## Work required
Please return every record exactly, with no pictures included.

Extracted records
____
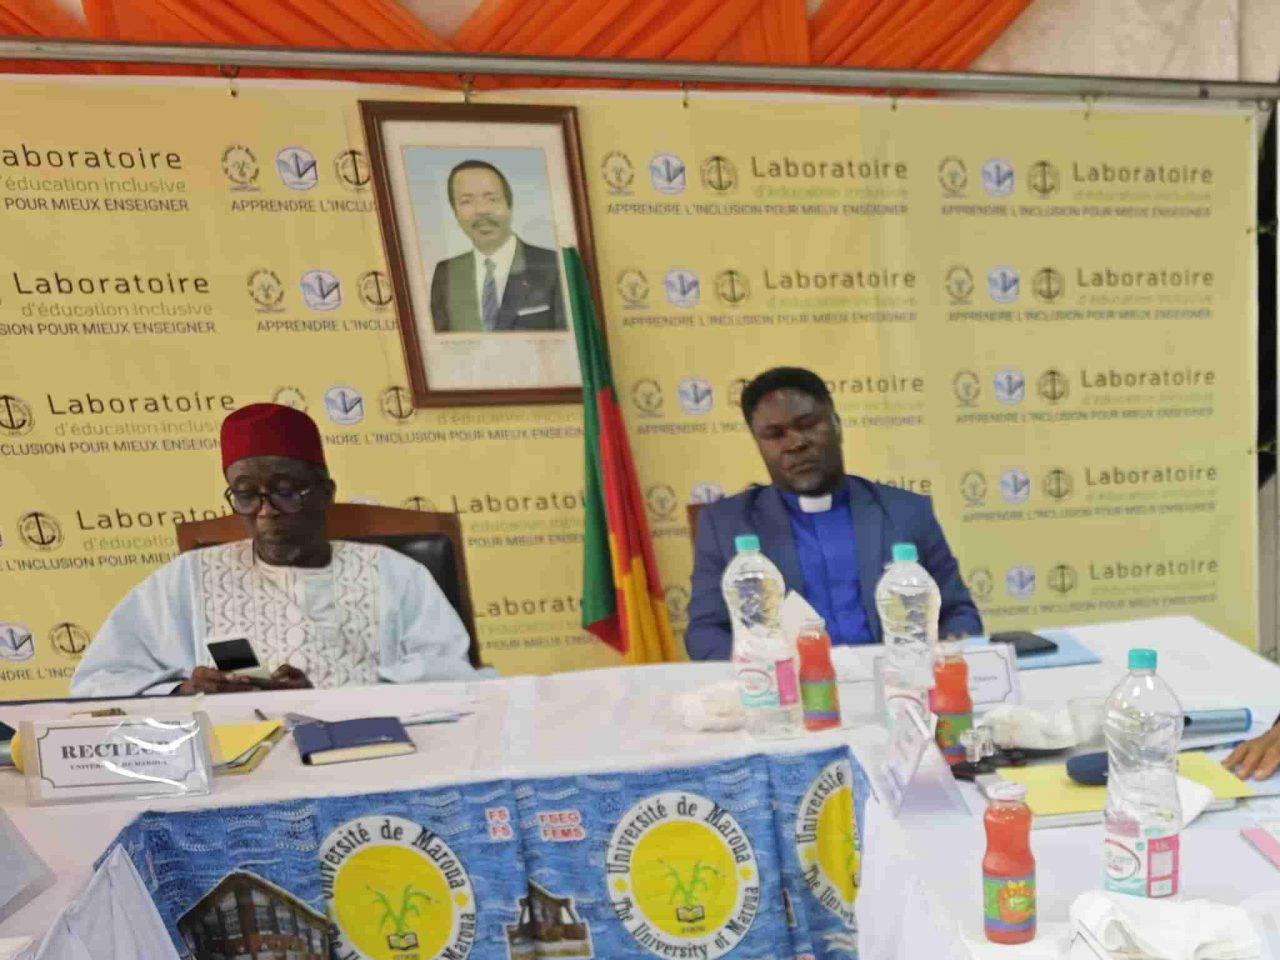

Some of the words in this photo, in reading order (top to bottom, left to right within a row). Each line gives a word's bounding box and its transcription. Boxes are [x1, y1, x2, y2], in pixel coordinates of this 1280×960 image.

[752, 156, 909, 180] Laboratoire
[1072, 160, 1213, 184] Laboratoire
[104, 177, 187, 194] inclusive
[4, 197, 49, 211] POUR
[52, 198, 101, 212] MIEUX
[105, 198, 190, 213] ENSEIGNER
[231, 199, 317, 213] APPRENDRE
[12, 271, 210, 295] Laboratoire
[763, 269, 917, 291] Laboratoire
[1076, 267, 1214, 288] Laboratoire
[132, 301, 213, 317] inclusive
[38, 322, 80, 336] POUR
[82, 322, 129, 335] MIEUX
[133, 320, 216, 335] ENSEIGNER
[257, 319, 338, 333] APPRENDRE
[1080, 368, 1216, 389] Laboratoire
[47, 391, 236, 416] Laboratoire
[70, 441, 109, 455] POUR
[113, 440, 158, 453] MIEUX
[1084, 465, 1218, 488] Laboratoire
[6, 557, 96, 573] L'INCLUSION
[99, 556, 138, 569] POUR
[1089, 558, 1220, 582] Laboratoire
[60, 740, 177, 760] RECTE
[795, 765, 847, 845] Université
[381, 819, 404, 842] de
[605, 798, 668, 875] Université
[676, 795, 698, 818] de
[803, 863, 821, 891] The
[612, 896, 635, 922] The
[714, 930, 732, 950] of
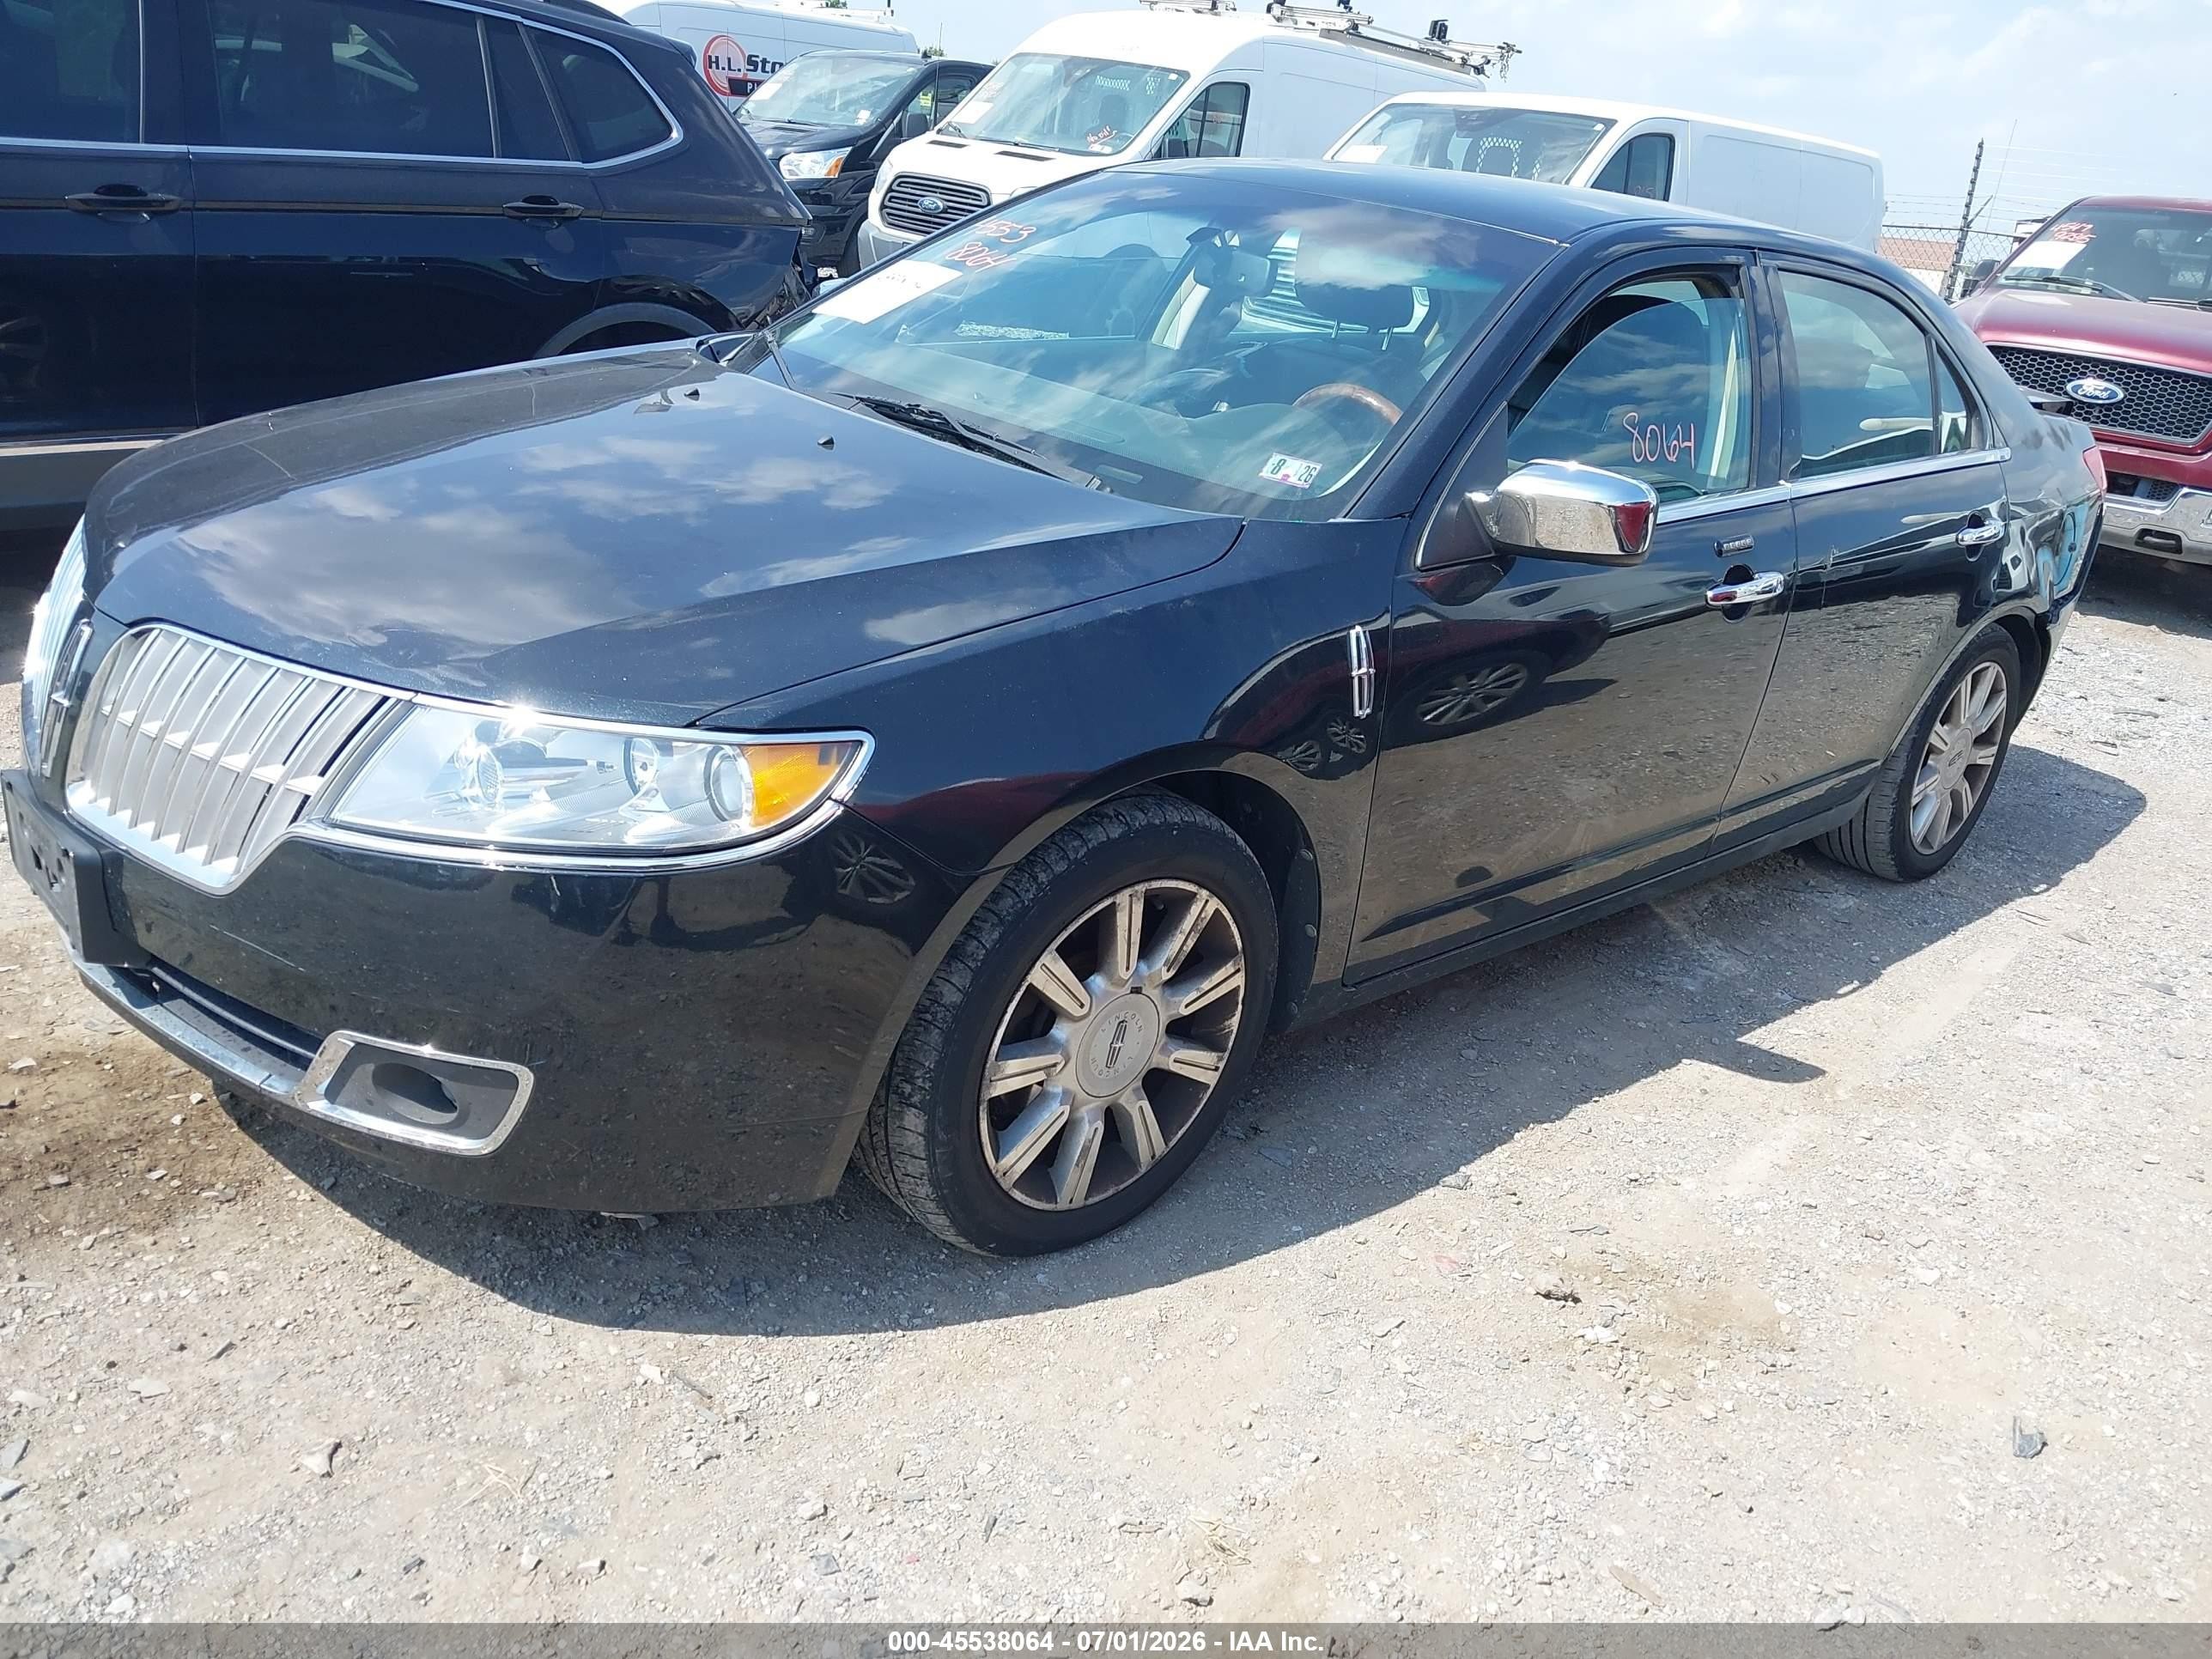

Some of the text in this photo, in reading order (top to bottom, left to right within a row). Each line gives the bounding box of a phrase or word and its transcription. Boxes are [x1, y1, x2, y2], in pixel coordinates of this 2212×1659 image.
____
## Output below
Some of the words in this photo, in reading order (top to bottom, left to right within a row). Each line gives a word's bounding box and its transcription. Boxes are [x1, y1, x2, y2], in pixel coordinates of this 1280×960 image.

[752, 156, 909, 180] Laboratoire
[1072, 160, 1213, 184] Laboratoire
[104, 177, 187, 194] inclusive
[4, 197, 49, 211] POUR
[52, 198, 101, 212] MIEUX
[105, 198, 190, 213] ENSEIGNER
[231, 199, 317, 213] APPRENDRE
[12, 271, 210, 295] Laboratoire
[763, 269, 917, 291] Laboratoire
[1076, 267, 1214, 288] Laboratoire
[132, 301, 213, 317] inclusive
[38, 322, 80, 336] POUR
[82, 322, 129, 335] MIEUX
[133, 320, 216, 335] ENSEIGNER
[257, 319, 338, 333] APPRENDRE
[1080, 368, 1216, 389] Laboratoire
[47, 391, 236, 416] Laboratoire
[70, 441, 109, 455] POUR
[113, 440, 158, 453] MIEUX
[1084, 465, 1218, 488] Laboratoire
[6, 557, 96, 573] L'INCLUSION
[99, 556, 138, 569] POUR
[1089, 558, 1220, 582] Laboratoire
[60, 740, 177, 760] RECTE
[795, 765, 847, 845] Université
[381, 819, 404, 842] de
[605, 798, 668, 875] Université
[676, 795, 698, 818] de
[803, 863, 821, 891] The
[612, 896, 635, 922] The
[714, 930, 732, 950] of

Some of the text in this photo, in reading order (top to bottom, left to right within a row). Each line gives the bounding box of a phrase or word and its transcription. Boxes are [x1, y1, x2, y2], in pixel coordinates of this 2212×1659 image.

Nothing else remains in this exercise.